(Stored data begins)

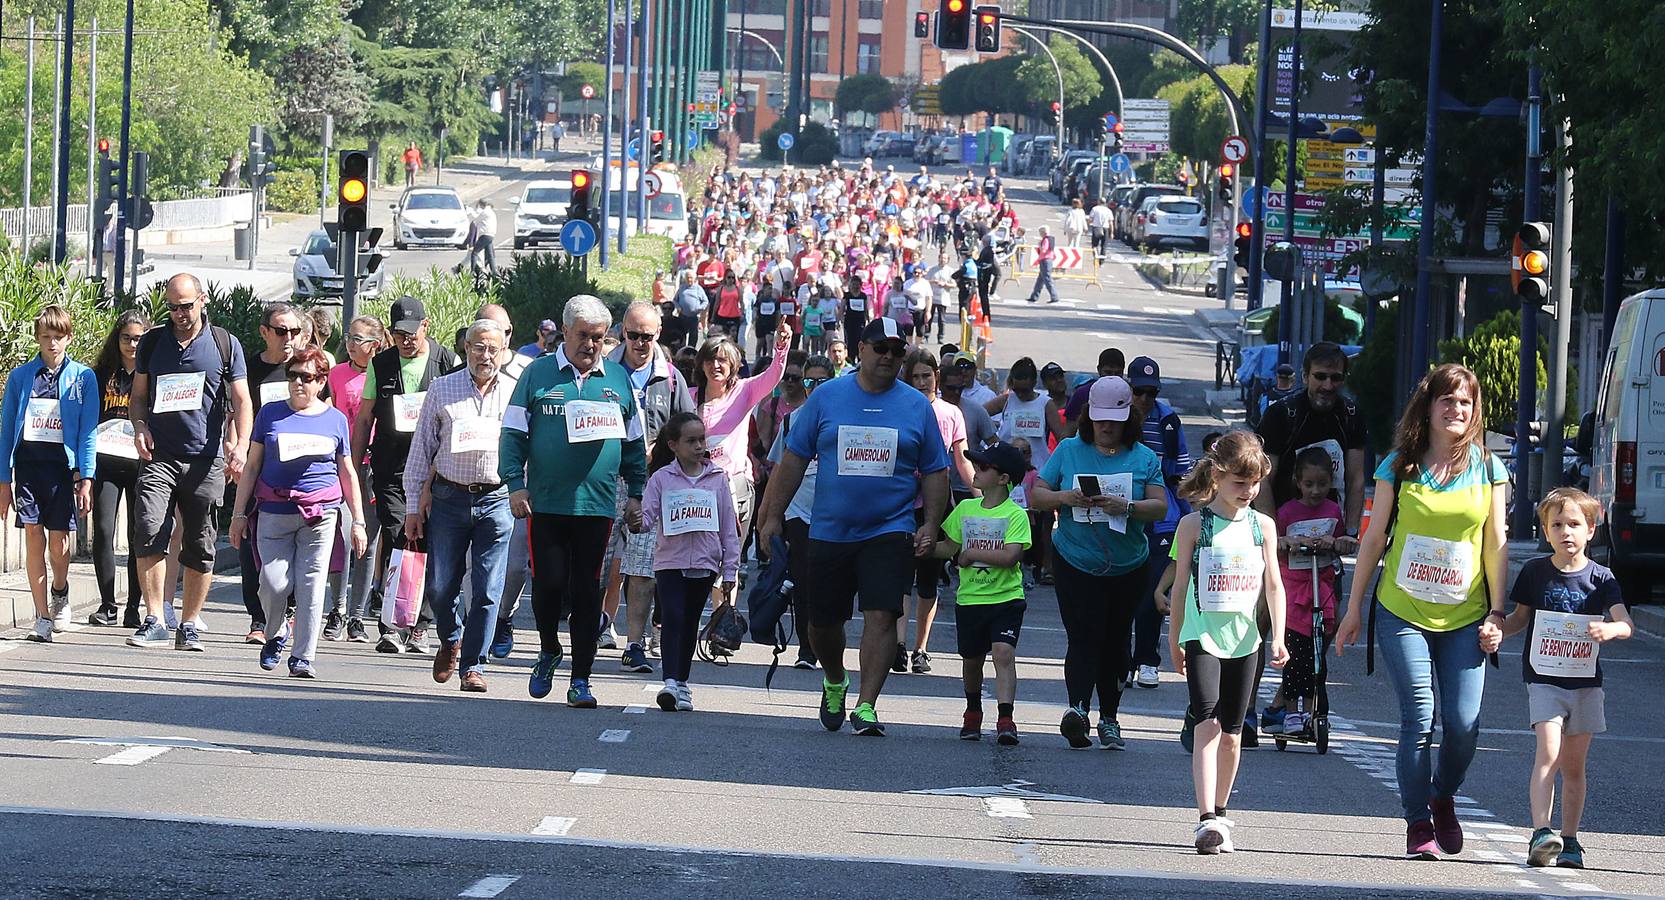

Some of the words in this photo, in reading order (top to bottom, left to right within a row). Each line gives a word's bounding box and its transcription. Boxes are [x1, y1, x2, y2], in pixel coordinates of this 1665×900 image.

[174, 388, 198, 401] ALEGRE
[542, 404, 566, 416] NATI
[45, 417, 62, 430] ALEG
[575, 417, 585, 430] LA
[586, 415, 618, 428] FAMILIA
[845, 447, 891, 463] CAMINEROLMO
[670, 508, 681, 522] LA
[681, 507, 712, 520] FAMILIA
[1407, 562, 1419, 580] DE
[1416, 563, 1442, 583] BENITO
[1440, 568, 1464, 586] GARCIA
[1207, 574, 1217, 592] DE
[1217, 574, 1241, 592] BENITO
[1539, 638, 1550, 656] DE
[1548, 639, 1573, 658] BENITO
[1572, 641, 1593, 659] GARCIA
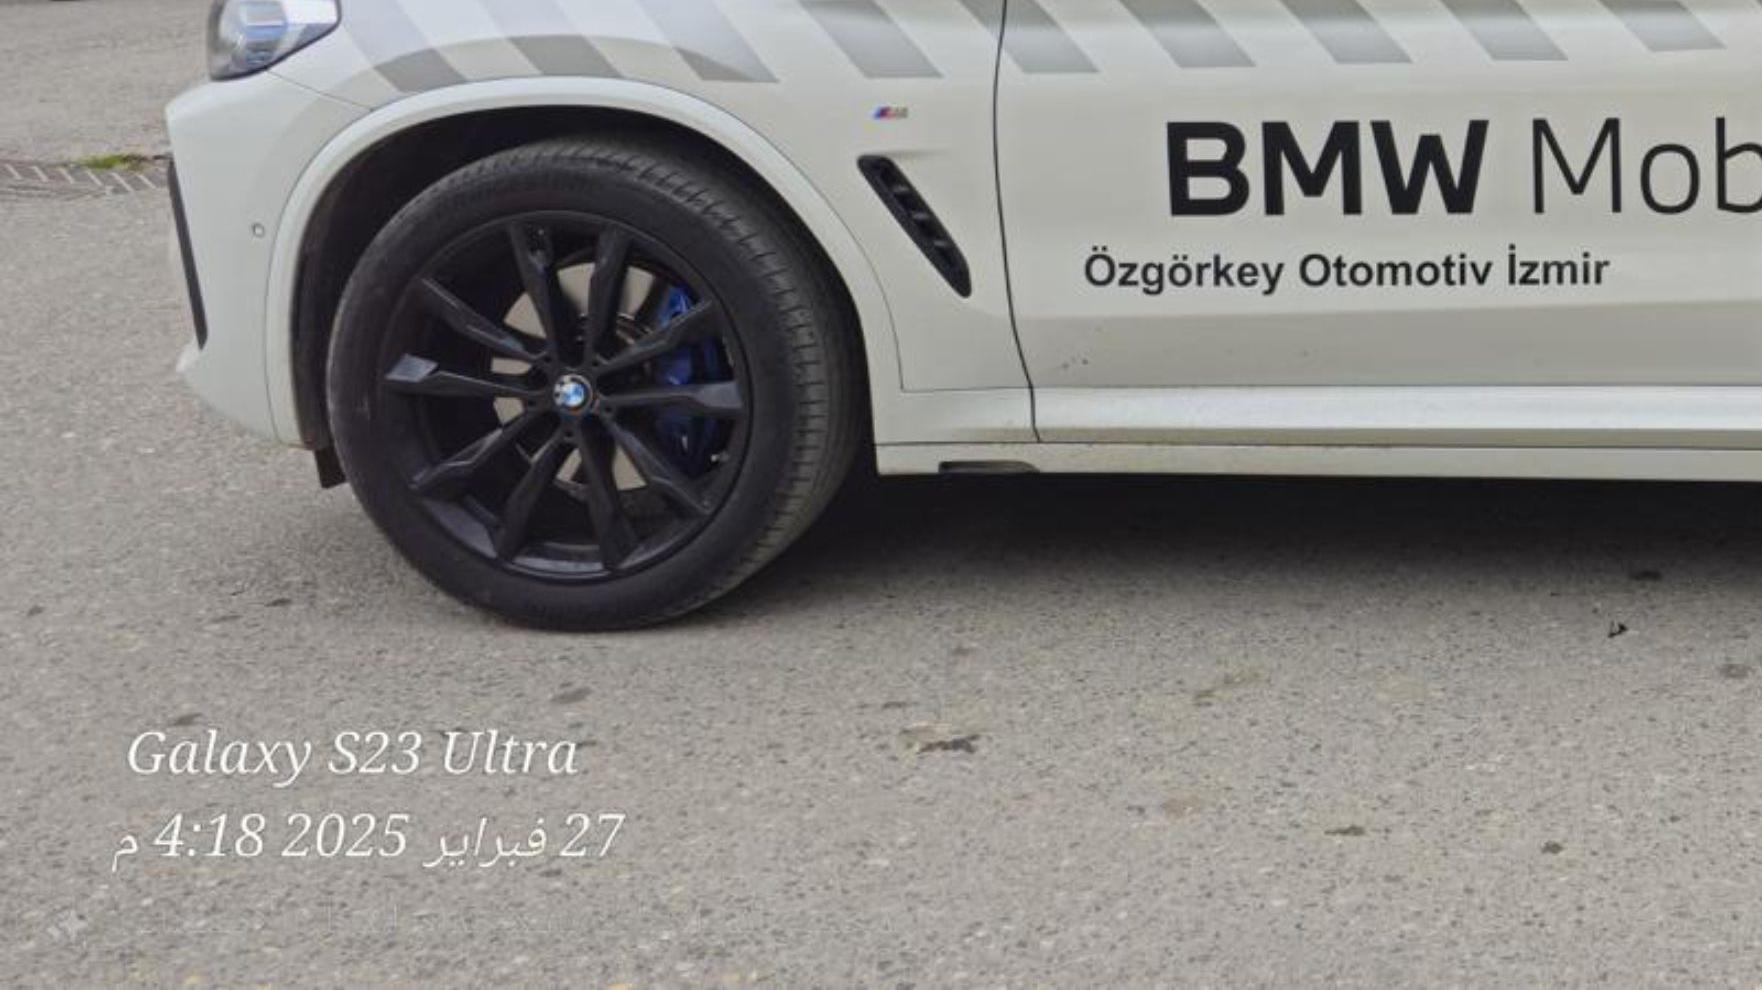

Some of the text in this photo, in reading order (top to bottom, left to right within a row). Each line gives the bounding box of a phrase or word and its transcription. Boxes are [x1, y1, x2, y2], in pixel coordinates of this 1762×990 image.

(Stored data ends)

Requirement ▸ Repeat each entry exactly as it appears; skip any picture.

Solved exercise ▸
Some of the words in this photo, in reading order (top to bottom, left to right within a row). Each line gives a word's bounding box and its transcription. Boxes are [x1, y1, x2, y2], in pixel coordinates of this 1665×900 image.

[174, 388, 198, 401] ALEGRE
[542, 404, 566, 416] NATI
[45, 417, 62, 430] ALEG
[575, 417, 585, 430] LA
[586, 415, 618, 428] FAMILIA
[845, 447, 891, 463] CAMINEROLMO
[670, 508, 681, 522] LA
[681, 507, 712, 520] FAMILIA
[1407, 562, 1419, 580] DE
[1416, 563, 1442, 583] BENITO
[1440, 568, 1464, 586] GARCIA
[1207, 574, 1217, 592] DE
[1217, 574, 1241, 592] BENITO
[1539, 638, 1550, 656] DE
[1548, 639, 1573, 658] BENITO
[1572, 641, 1593, 659] GARCIA

Some of the text in this photo, in reading order (top to bottom, left to right within a row). Each line gives the bounding box of a phrase or word and its transcription. Boxes are [x1, y1, x2, y2], in pixel coordinates of this 1762×990 image.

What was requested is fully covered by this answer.